The Federal Trade Commission (“FTC”) recently released the results of a mall-intercept study that sought to investigate how consumers interpret certain “up to” claims. A little context is necessary to understand what this study means. The FTC commissioned the mall-intercept study as a part of an “industry sweep” that targeted advertising for replacement windows.
Many of the ads challenged in the course of the sweep included “guarantees” or “pledges” that consumers would realize certain amounts – or “up to” certain amounts – of savings in their energy bills by replacing old windows. Against this background, the FTC’s study tested only “up to” claims for replacement windows and only “up to” claims that appeared alongside a “proven” claim. Interviewers stopped several hundred individuals in five shopping malls across the country. Those individuals who agreed to participate were shown one of three versions of a replacement windows ad. Each version contained one of the following claims:
- “Proven to Save 47% on Your Heating and Cooling Bills”;
- “Proven to Save Up to 47% on Your Heating and Cooling Bills”; or
- “Proven to Save Up To 47%* on Your Heating and Cooling Bills” with the disclosure, “*The average Bristol Windows owner saves about 25% on heating and cooling bills.”

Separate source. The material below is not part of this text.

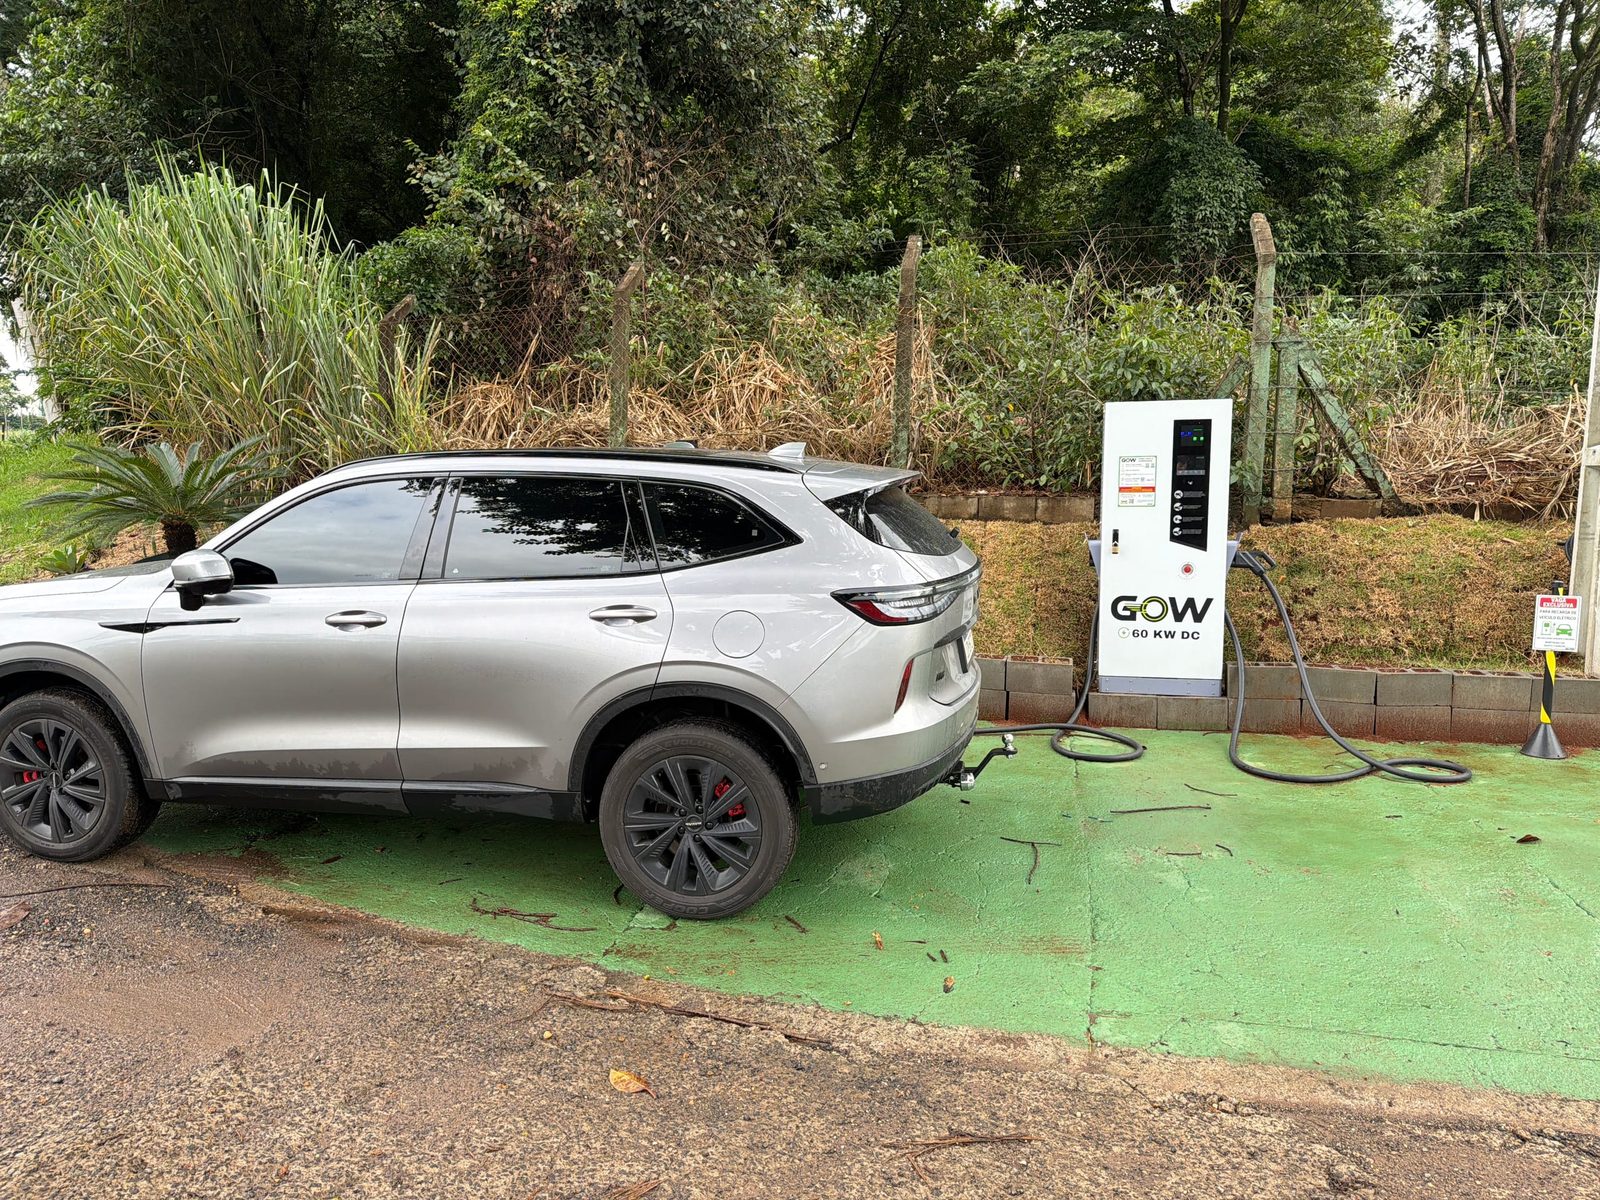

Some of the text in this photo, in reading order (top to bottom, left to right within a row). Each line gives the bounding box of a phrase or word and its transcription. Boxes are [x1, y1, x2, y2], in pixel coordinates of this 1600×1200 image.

[1111, 595, 1214, 623] GOW
[1132, 629, 1200, 640] 60 KW DC
[664, 739, 735, 757] EVOLUTION

The study found that, regardless of the claim viewed, about a third to half of the respondents in each group believed that the ad stated or implied typical savings of about 47 percent. This finding appears to have served as at least part of the basis for new language that the FTC has included recently in several orders against replacement window advertisers. As discussed in an earlier post, several settlement orders have diverged from past FTC orders on “up to” claims and required the named parties to possess evidence that “all or almost all consumers” are likely to receive the maximum “up to” benefits claimed. Most past orders required evidence only that “an appreciable number of consumers” could realize the maximum benefits. We noted in our prior post that the “all or almost all” standard could, in effect, become the law for everyone, but that for now, the standard applies only to the parties named in the orders.

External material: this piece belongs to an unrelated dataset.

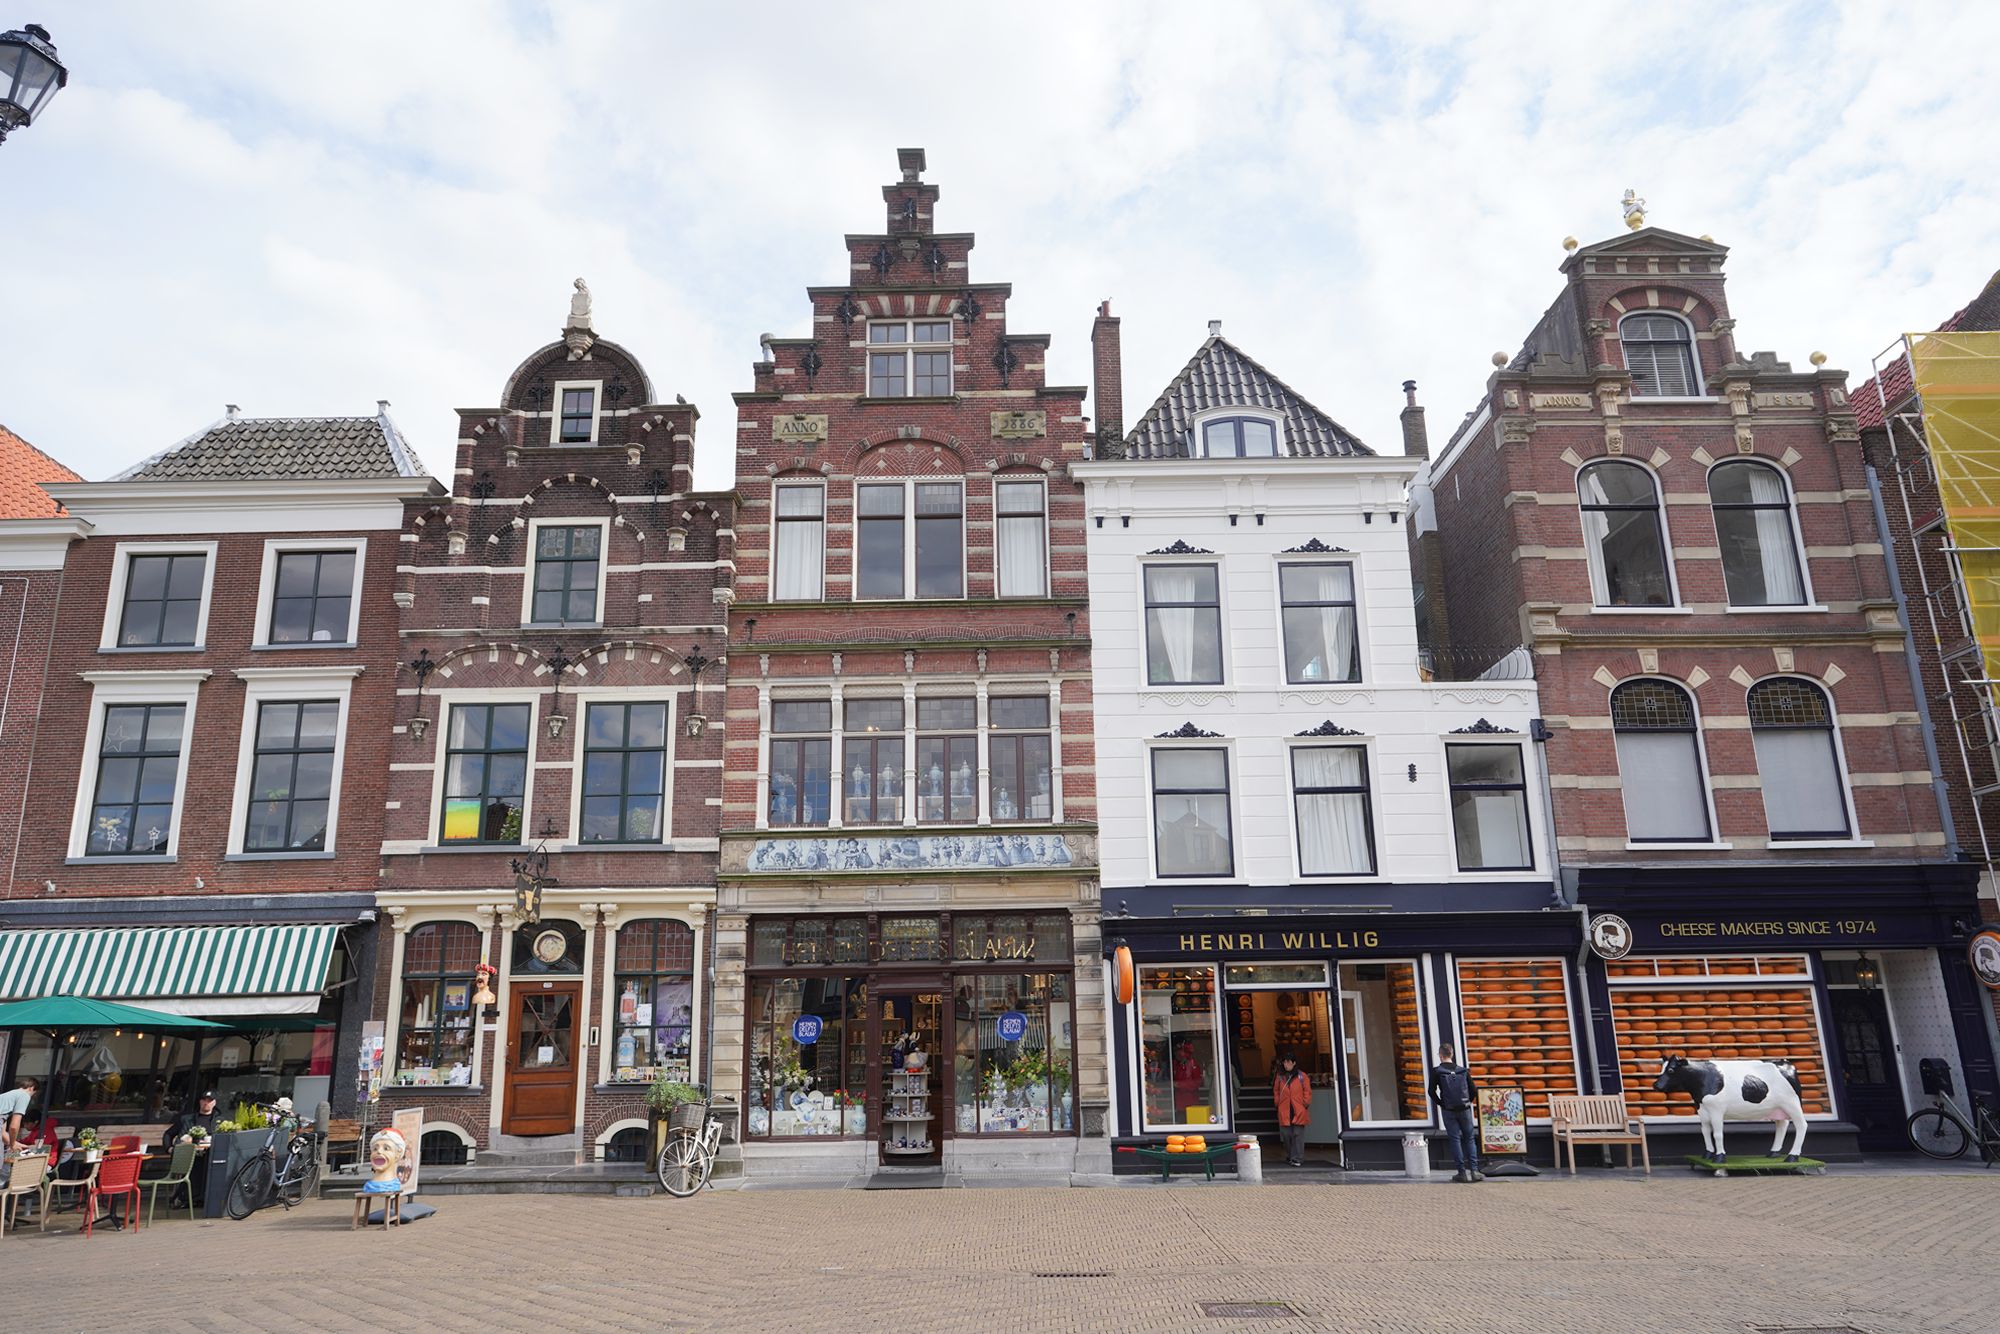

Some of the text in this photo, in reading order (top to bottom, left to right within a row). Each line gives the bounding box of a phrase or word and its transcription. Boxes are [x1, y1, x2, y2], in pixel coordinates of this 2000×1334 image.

Like the FTC’s new order language, the FTC’s new study sends a cautionary message. The new study does not mean that every – or even most – iterations of “up to” claims will convey that all or almost all consumers will achieve the maximum results claimed. The study did not test, for instance,
- “up to” claims presented without “proven” or similar language;
- “up to” claims presented with disclosures regarding the number or percentage of consumers who can expect to achieve the maximum results; or
- “up to” claims for products other than replacement windows.
Nevertheless, knowing that the FTC is scrutinizing what type of typicality “up to” claims might convey, advertisers should proceed with caution. Claims and disclosures will need to be crafted carefully to avoid conveying that all users will reach the maximum “up to” results.